Амедео вылез внутрь, ухватившись руками за верх отверстия и опершись ступнями о нижнюю его часть. Оттолкнувшись, он скатился вниз, но не в центр. Он даже не задел руки Мирры, только кости маленького мальчика, слуги, посланного сюда детьми Фила после смерти старика.
Девушка лежала на полу, дыхание ее почти не ощущалось.
— Мирра! Мирра, вставай! Ты должна слышать меня, должна!

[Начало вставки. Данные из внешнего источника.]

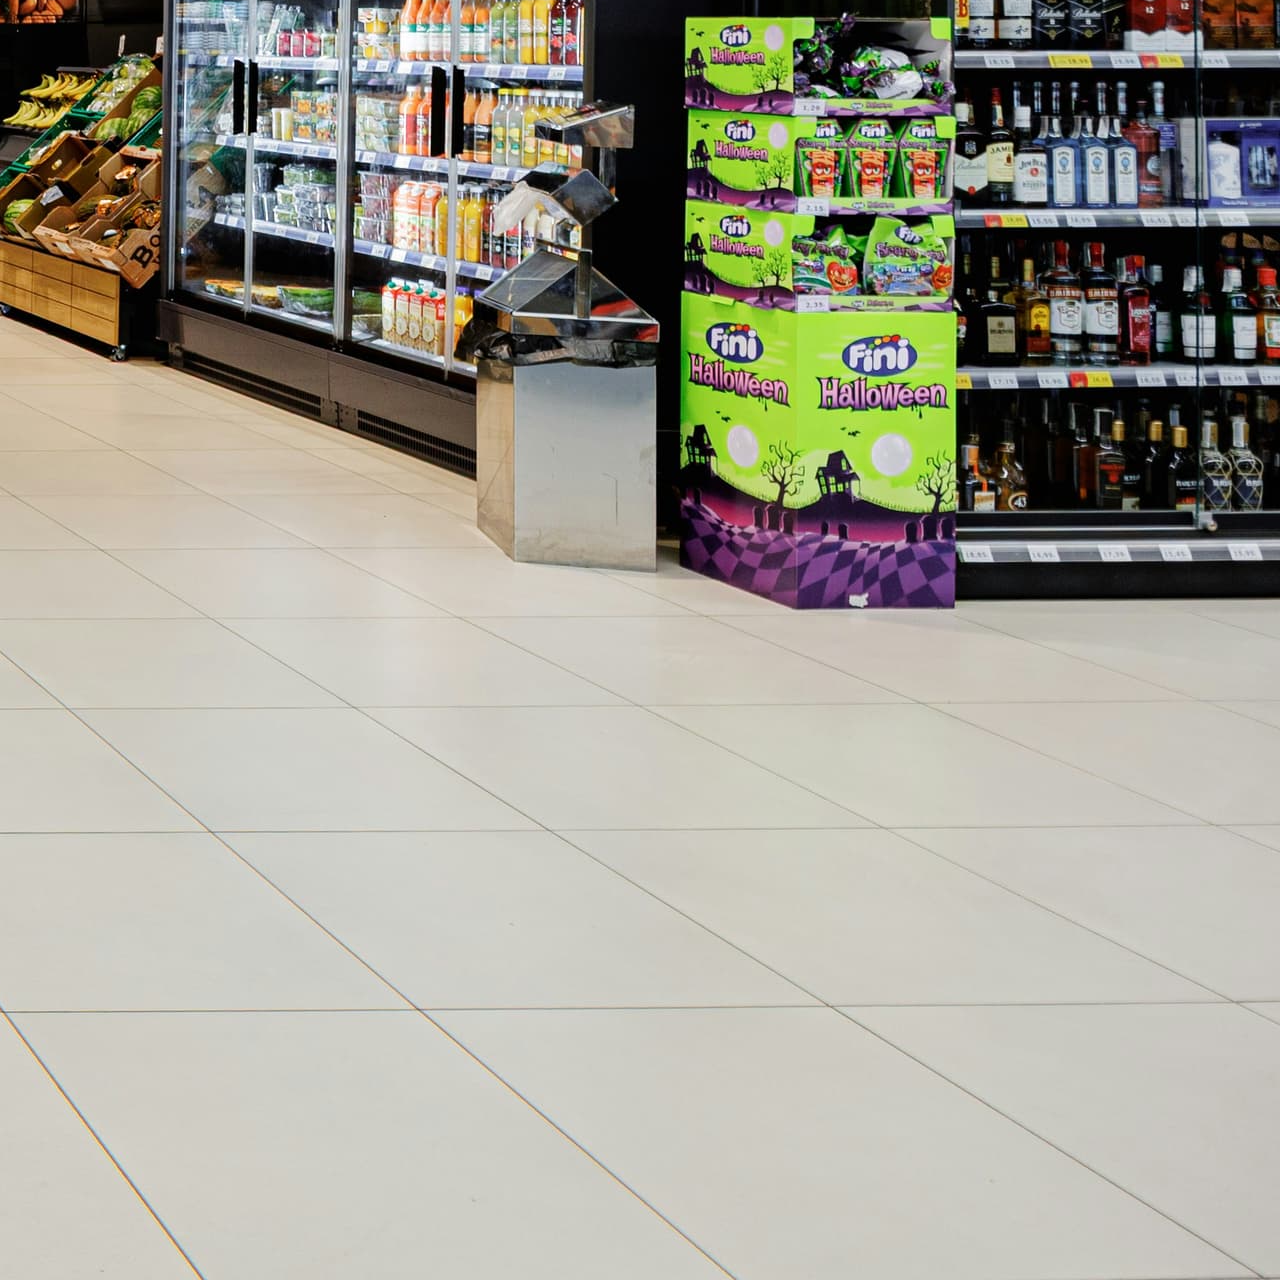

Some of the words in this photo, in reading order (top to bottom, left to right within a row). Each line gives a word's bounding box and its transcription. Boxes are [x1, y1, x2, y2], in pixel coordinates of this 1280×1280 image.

[710, 48, 765, 65] Halloween
[714, 140, 768, 162] Halloween
[710, 235, 765, 259] Halloween
[710, 328, 757, 361] Fini
[848, 338, 909, 372] Fini
[688, 353, 790, 407] Halloween
[817, 377, 950, 411] Halloween
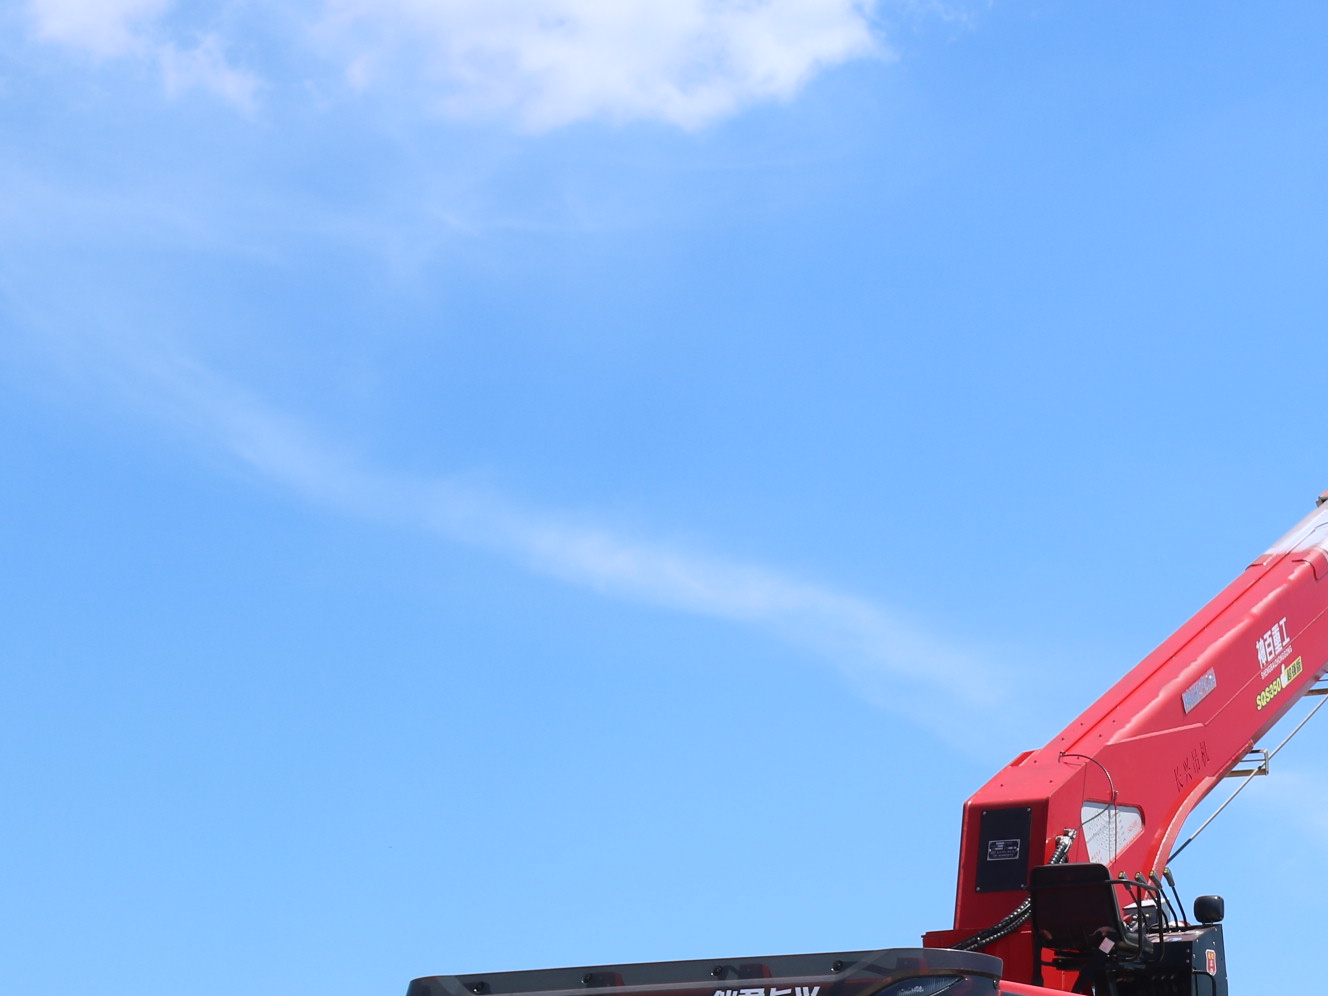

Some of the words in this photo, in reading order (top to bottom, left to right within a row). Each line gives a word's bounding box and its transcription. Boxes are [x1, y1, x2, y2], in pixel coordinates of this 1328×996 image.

[1255, 616, 1290, 669] 神百重工
[1256, 677, 1282, 711] SQS350

Должна…. Да, она слышала его, слышала слова, чувствовала его волнение. Амедео! Она знала его из всех, и всегда узнавала. В этот миг встрепенулось то, что давно уже, казалось, уснуло, то, что можно было назвать любовью Алкмеи, и также то стихийное начало, которое не могли понять и выразить ни Мирра, ни Алкмея. Как стихия жаждет своего оформления, так они были нужны друг другу, закон и душа, разум и чувство. Но сейчас нельзя покидать этот мир так, для этого Она возродилась в теле смертной девушке, Мирра должна была жить.
— Ах! Где? Что? Амедео! — радостно улыбнулась она. Крепко обняв его, она прошептала. — Как же прекрасно, все-таки, что существует земная жизнь, и что мы можем быть ее живой частью!
— Мирра?
— Мирра…. Прежде, чем я стану ей, я хочу, чтобы ты знал, что ты поступил правильно, это шанс для Паллиды, ты был прав, дорогой мой, иначе ее не спасти!

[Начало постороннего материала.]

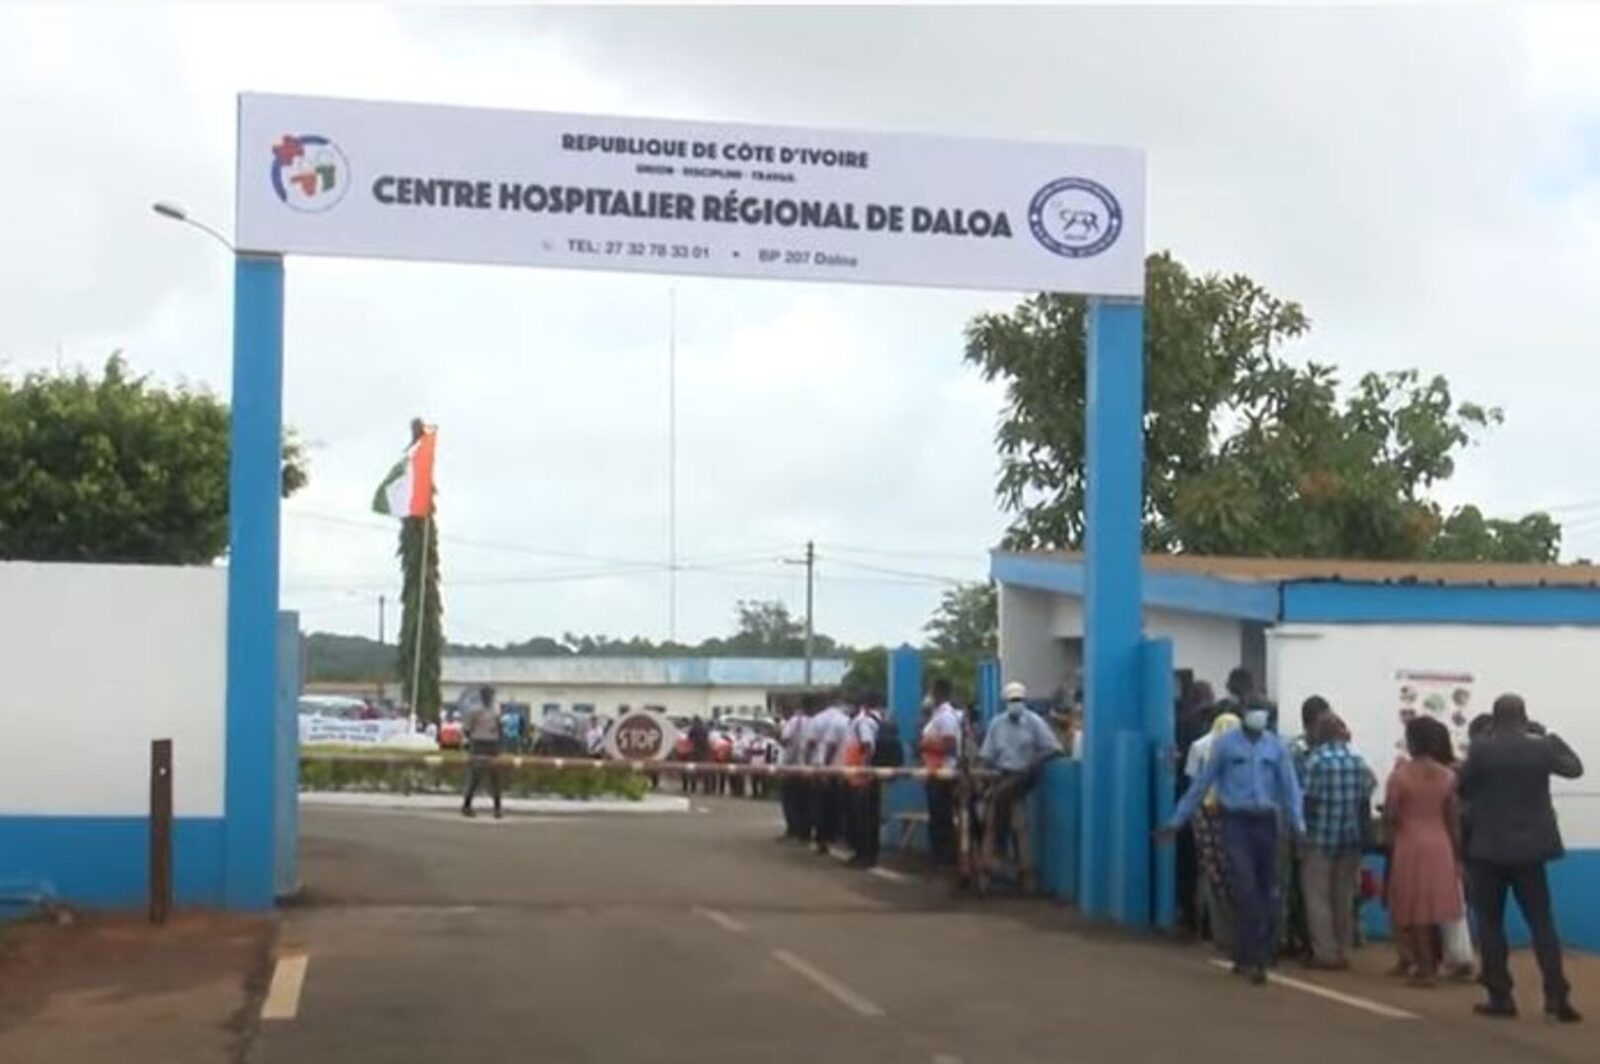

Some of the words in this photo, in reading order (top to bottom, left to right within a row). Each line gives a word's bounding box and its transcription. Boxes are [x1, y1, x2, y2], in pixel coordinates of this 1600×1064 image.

[562, 133, 686, 158] REPUBLIQUE
[692, 142, 717, 159] DE
[722, 142, 775, 163] CÔTE
[780, 147, 869, 169] D'IVOIRE
[372, 175, 492, 209] CENTRE
[499, 182, 696, 221] HOSPITALIER
[702, 189, 860, 230] RÉGIONAL
[866, 203, 905, 232] DE
[911, 206, 1013, 238] DALOA
[567, 238, 601, 254] TEL:
[620, 728, 660, 750] STOP

— Должна ли она вообще существовать? Такой ценой!
— Нет, нет, молчи! О, мой Амедео, не бойся отдаться чувствам, мы не враги друг другу!
— Ты всегда предавала меня! — возразил он, отстранив ее от себя. — Так что чувства не приносили мне ничего, кроме боли.
— Так уж и ничего?
Амедео промолчал, и в этот миг снаружи раздались недовольные крики эльфов. Они бросали проклятия в адрес драконов сразу, как вернулись к отверстию, но сейчас их недовольство переросло в возмущение.
— Как вы смотрите на то, что я пущу к вам симпатичную змею? Она тут, бедняжка, затерялась, не успела со своими уползти, видимо, для вас старалась, вы же друзья Природы! Ну, так что? Выбирайте, детки, или клад полоумного Фила, или мы пускаем змею!
— Змею?! — искренне удивился Амедео, — откуда эти олухи? Неужели они не знают, что нам ничего не стоит с ней договориться?
— Отсюда же до границы с Риданой рукой подать!
— Ох уж мне эта Ридана! Сейчас, поди, рады и не помнят, что никаких реформ не будет! — Да, они, они из Риданы, только, — голову Амедео сильно закружило, едва он попытался вспомнить: кто эти трое. — Нет, нет, какая разница!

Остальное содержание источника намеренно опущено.